Greg Thorton, president and founder, Environmental Lights, San Diego, Calif., has a unique perspective on LEDs. An electrical engineer, he spent much of his early business career in the semiconductor industry before sensing an opportunity in LED lighting. He sees the parallels with what's happening today in LEDs and the early days of personal computers. “The LED industry today in regards to general illumination is about where the PC industry was in 1986. Back then, monochrome monitors and 5¼ inch floppies were hard to use and the software was buggy. We all knew they weren't really ready for prime time but we were using them anyway because they were better than the alternative.”

Keith Ward has been a “lamp guy” for 30 years and was recently named president and CEO, Luminus Devices, Billerica, Mass., a LED manufacturer. He says being in LED right now is “completely exhilarating.”

“The over-hyping is really about performance of the product versus expectation,” he says. “This is where I believe everyone should be careful. Look for reputable companies with published statistics and performance data, a strong patent portfolio and ensure that the consistency of the performance is maintained over multiple shipments and production lots. There are many exaggerations as to life of the LEDs. Some caution here — think in terms of 50,000 hours or so.”

Lightfair 2009, the lighting industry's annual meeting of the clans, was a good snapshot of the state of affairs with LEDs. Although this year's LightFair was in the heart of Big Apple, it had a Wild West frontier feel to it. Most of the 400-plus exhibitors seemed to have some sort of LED product on display. You had the Big Three lighting manufacturers — GE, Osram Sylvania and Philips Lighting and LED specialist Cree Inc., Raleigh, N.C., with large presences at the show and a heavy focus on LEDs; a few dozen lamp, fixture and controls companies that show up often on distributor line cards; but an enormous number of other players new to U.S. lighting industry, including many component manufacturers from the Pacific Rim, where many mainstream U.S. lighting companies source components.

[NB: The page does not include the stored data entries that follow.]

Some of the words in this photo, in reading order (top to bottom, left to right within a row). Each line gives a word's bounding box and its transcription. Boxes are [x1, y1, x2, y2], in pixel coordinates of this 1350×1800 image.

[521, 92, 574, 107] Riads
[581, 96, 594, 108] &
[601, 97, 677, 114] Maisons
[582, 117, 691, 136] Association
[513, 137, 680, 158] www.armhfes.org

Cathy Choi, vice president, Bulbrite, Moonachie, N.J., said she met a lot of manufacturers at Lightfair who were into plastics and polymer markets, and were just getting started in the lighting with a new line of LEDs. “They are not lighting people per se,” she says. “You don't know who they are, where they are, where they have been or where they are going. At LightFair this year there were a lot of LEDs showing and a lot of companies probably won't be there in two years — they will have been bought out by someone or lighting isn't their primary market.”

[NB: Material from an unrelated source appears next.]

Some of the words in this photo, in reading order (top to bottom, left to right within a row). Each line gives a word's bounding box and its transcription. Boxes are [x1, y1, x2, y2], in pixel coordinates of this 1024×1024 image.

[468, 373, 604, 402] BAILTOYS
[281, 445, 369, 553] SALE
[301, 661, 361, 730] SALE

Adding to the controlled chaos at Lightfair 2009 was the diversity of marketing and display tactics. It wasn't uncommon to hear an exhibitor claim his company's LED would last 100,000 hours, but not have any independent testing data to back it up. Down the aisle another LED manufacturer could be heard badmouthing CFLs. Trying to establish some sense of law in the industry is one of the sheriffs — the Department of Energy (DOE) — which has taken a lead role in developing performance standards for LEDs. At the DOE booth at Lightfair, representatives of its Solid-State Lighting program gave seminars on the DOE's certification programs and the widely applauded work it's now doing with lighting manufacturers, trade association allies and other lighting professionals to craft strict testing and performance standards. Jim Brodrick, the DOE's lighting program manager, and his team have a major challenge on their hands, as 50 percent of the LED products they have tested in Round 7 of the DOE Caliper testing program didn't live up to manufacturers' own performance claims. Ouch.

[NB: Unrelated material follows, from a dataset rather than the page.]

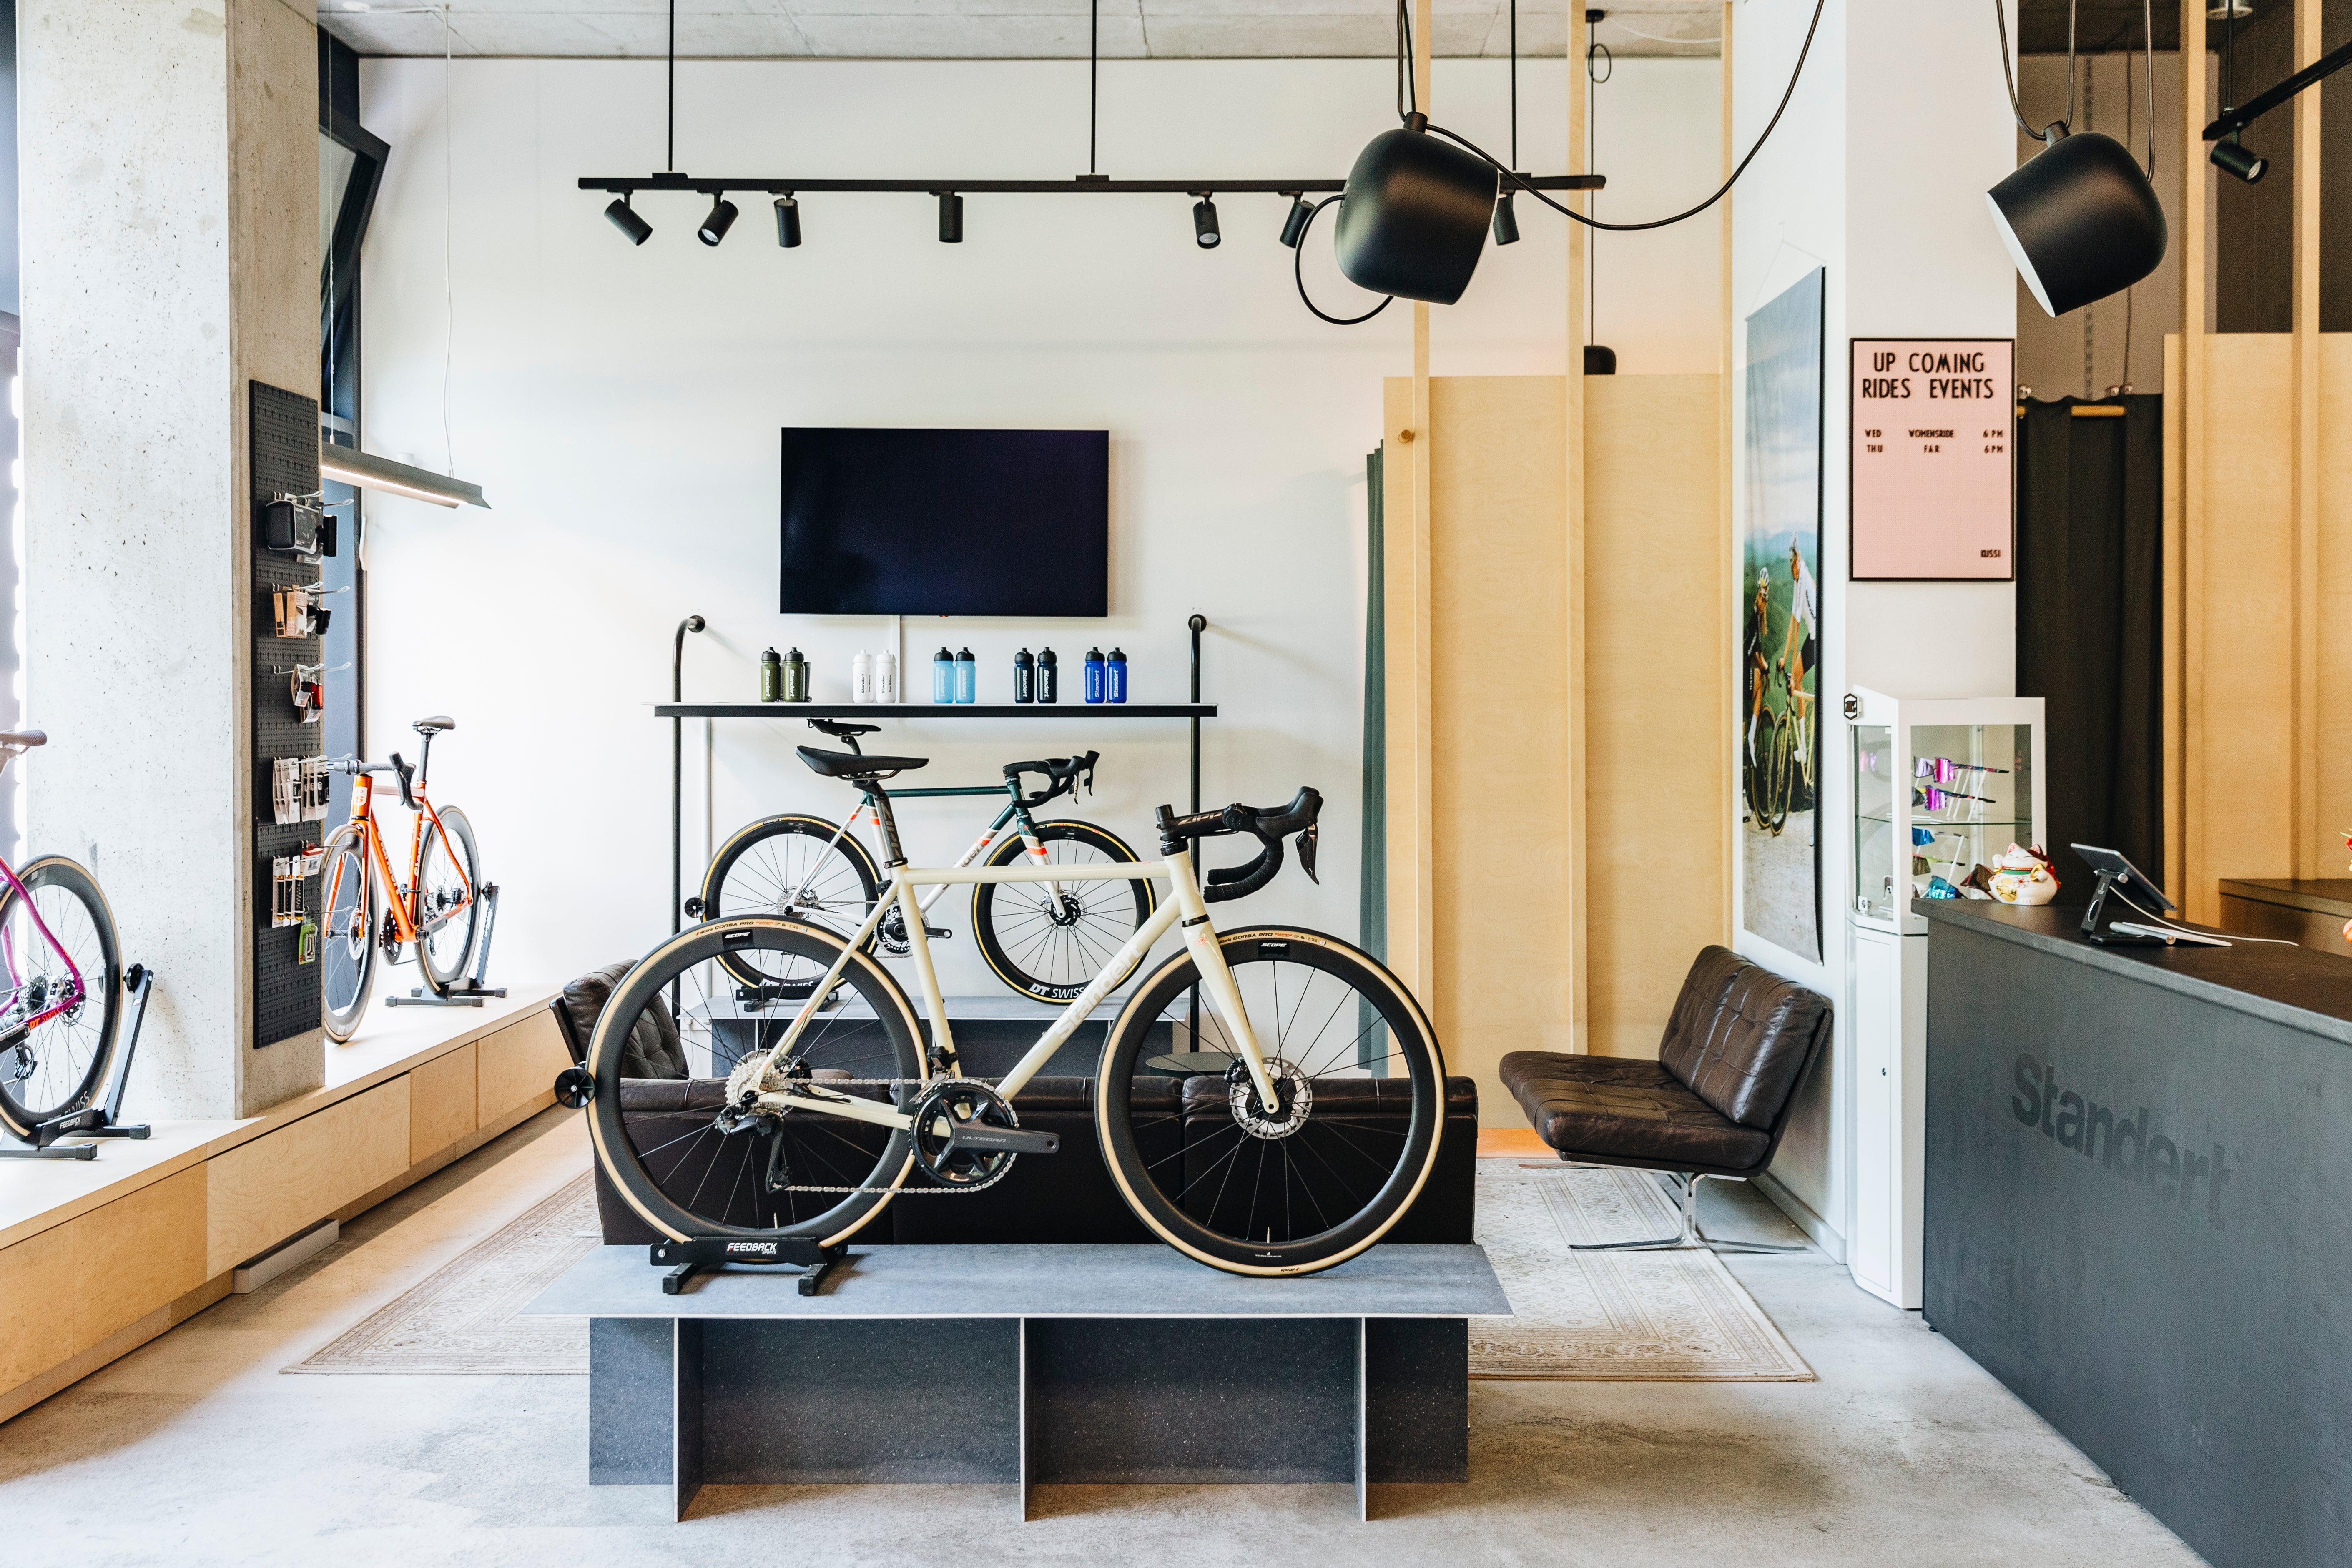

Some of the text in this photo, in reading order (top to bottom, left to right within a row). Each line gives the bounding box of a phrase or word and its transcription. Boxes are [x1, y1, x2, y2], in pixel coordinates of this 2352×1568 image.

To help readers sort through this glorious mess of opportunity and confusion, Electrical Wholesaling spoke with lighting professionals to develop the following “dos and don'ts” for electrical distributors in the LED market.

Put LEDs in the proper perspective — and application. Yes, LEDs have a ton of potential and are already a cost-effective option in some niches of the lighting market. But they aren't ready for prime time in many general-purpose lighting applications. Tops on the list of real-world applications for LEDs are maintenance-intensive applications that are tough to reach, burn a lot of hours or require a light source with low heat.

At this year's Lightfair, Ray Angelo, president and CEO, Westinghouse Lighting Corp., Philadelphia, and staff spent much of their time listening to customers about potential applications for LEDs. He said the feedback they got at Lightfair confirmed their belief that only a few applications now exist where LEDs are commercially viable. These applications include low-profile garage lighting, tunnel lighting and some parking lot applications. They believe theatrical or architectural applications such as wall washing and outlining buildings are also a natural for LEDs. On a recent trip to Hong Kong, Angelo was impressed with how LEDs are used to highlight skyscrapers.

That being said, Angelo believes state-of-the-art fluorescent lighting technologies for general-lighting applications will be tough to displace. “Lighting changes take a long time,” he says. “There is a huge amount of market share still in T12 fluorescents — one-third to 50 percent of the installed base is still T12s. T8s have improved dramatically and have picked up market share and are a tremendous light source from a cost/value standpoint. That's a hard light source to displace. T5s are a refinement. We like them because of the optics they allow. They do wonders with well-designed reflectors. For most general lighting, I still see linear fluorescent being very formidable. In smaller applications like recessed cans, the U-bends or spiral CFLs are a very viable light source. For our business, which is general lighting, LEDs are going to have to earn their way into the established base.”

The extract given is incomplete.